Reusable frameworks (user/admin split, metadata safeguards, content switcher) scaled across 3+ teams before formal standardization.
AI positioning at the C-suite level (Extract reframed under Relay, directly influencing Box’s automation strategy).
Enterprise migrations at scale
(Shuttle enabling 100s of TB/day, PB-level onboarding).
Collectively, these projects shaped Box’s Content Automation strategy and supported Enterprise Plus clients migrating petabytes of content, automating thousands of contracts, and embedding AI-driven workflows into mission-critical processes.
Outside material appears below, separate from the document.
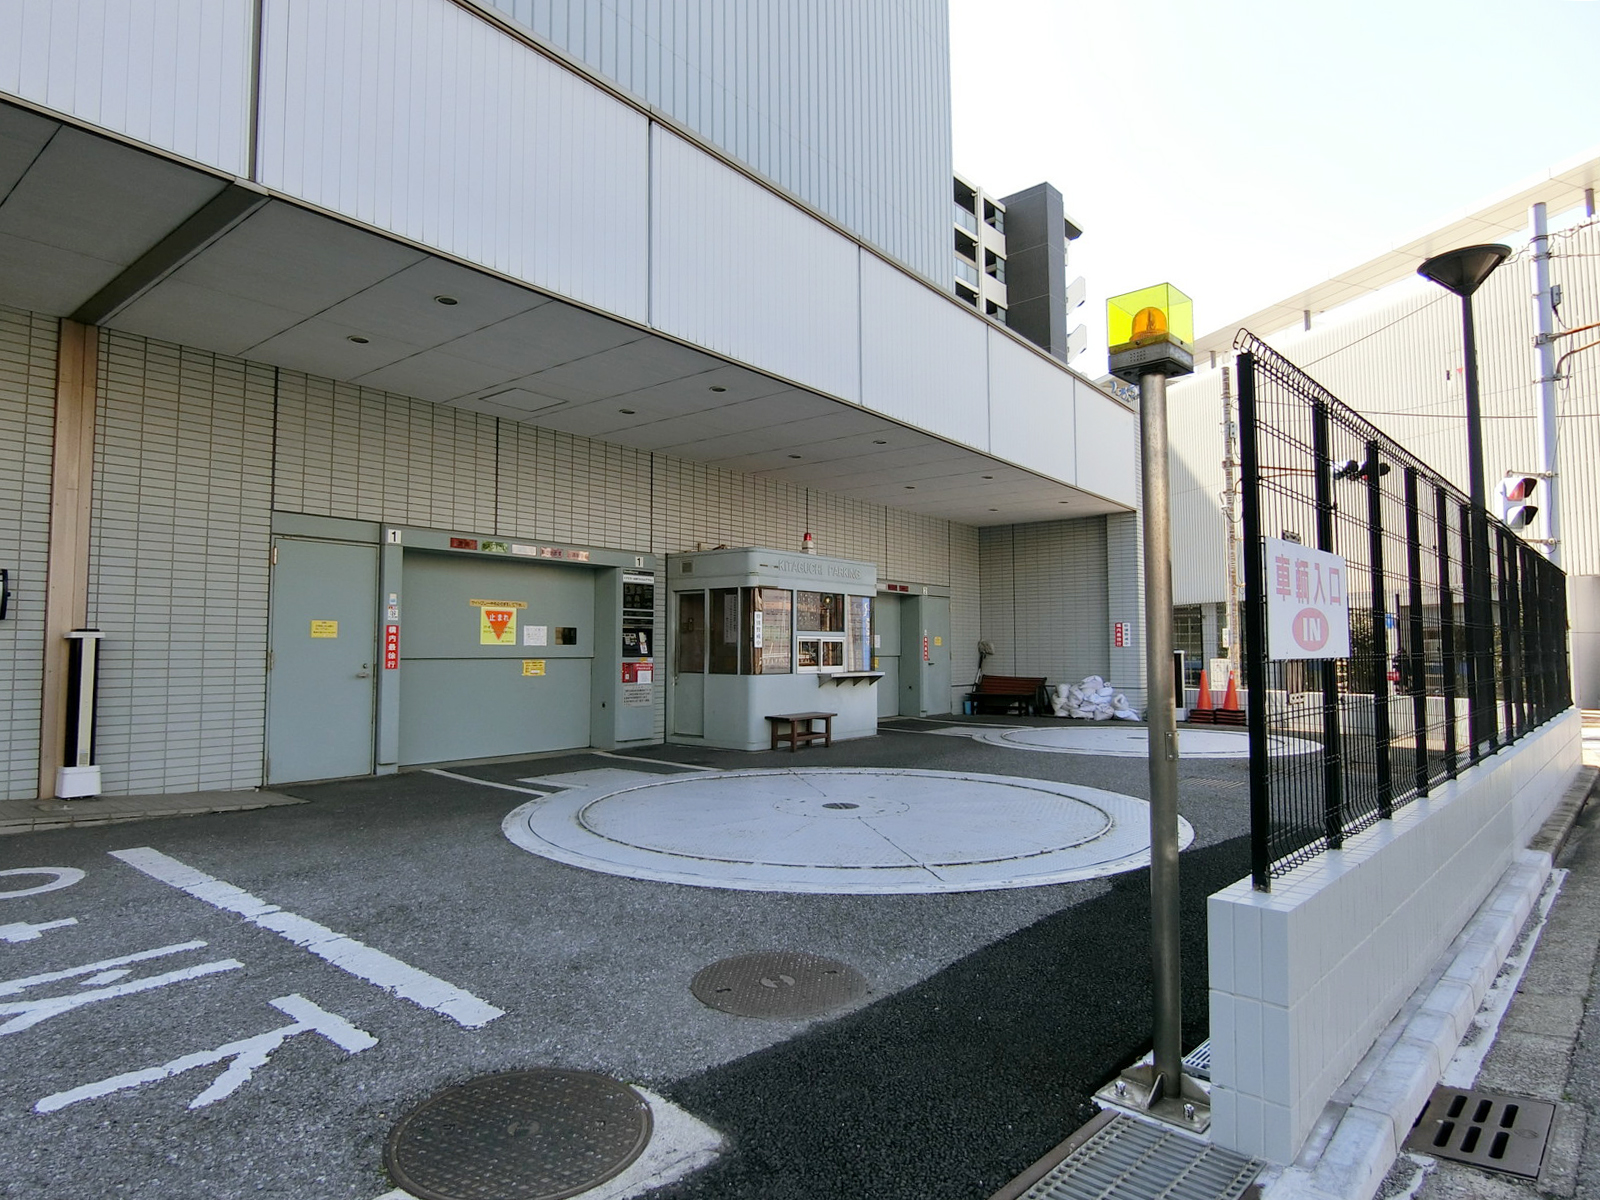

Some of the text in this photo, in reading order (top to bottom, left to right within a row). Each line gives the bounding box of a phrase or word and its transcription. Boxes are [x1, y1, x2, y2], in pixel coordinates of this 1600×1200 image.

[778, 559, 862, 581] KITAGUCHI PARKING
[488, 613, 510, 622] 止まれ
[1301, 617, 1321, 642] IN
Crooze, a no-code content management builder, was acquired and transformed into Box Apps as part of a strategic initiative to turn unstructured enterprise data into structured, actionable information — the foundation for process automation and AI/LLM use cases.
I joined a small, hand-picked integration team — the group Box relied on for its highest-stakes acquisitions. Working directly with Crooze co-founders Mark Lane and Alain Monier, I was entrusted with the critical Search domain and, due to rotating capacity, often stepped into adjacent areas across the app.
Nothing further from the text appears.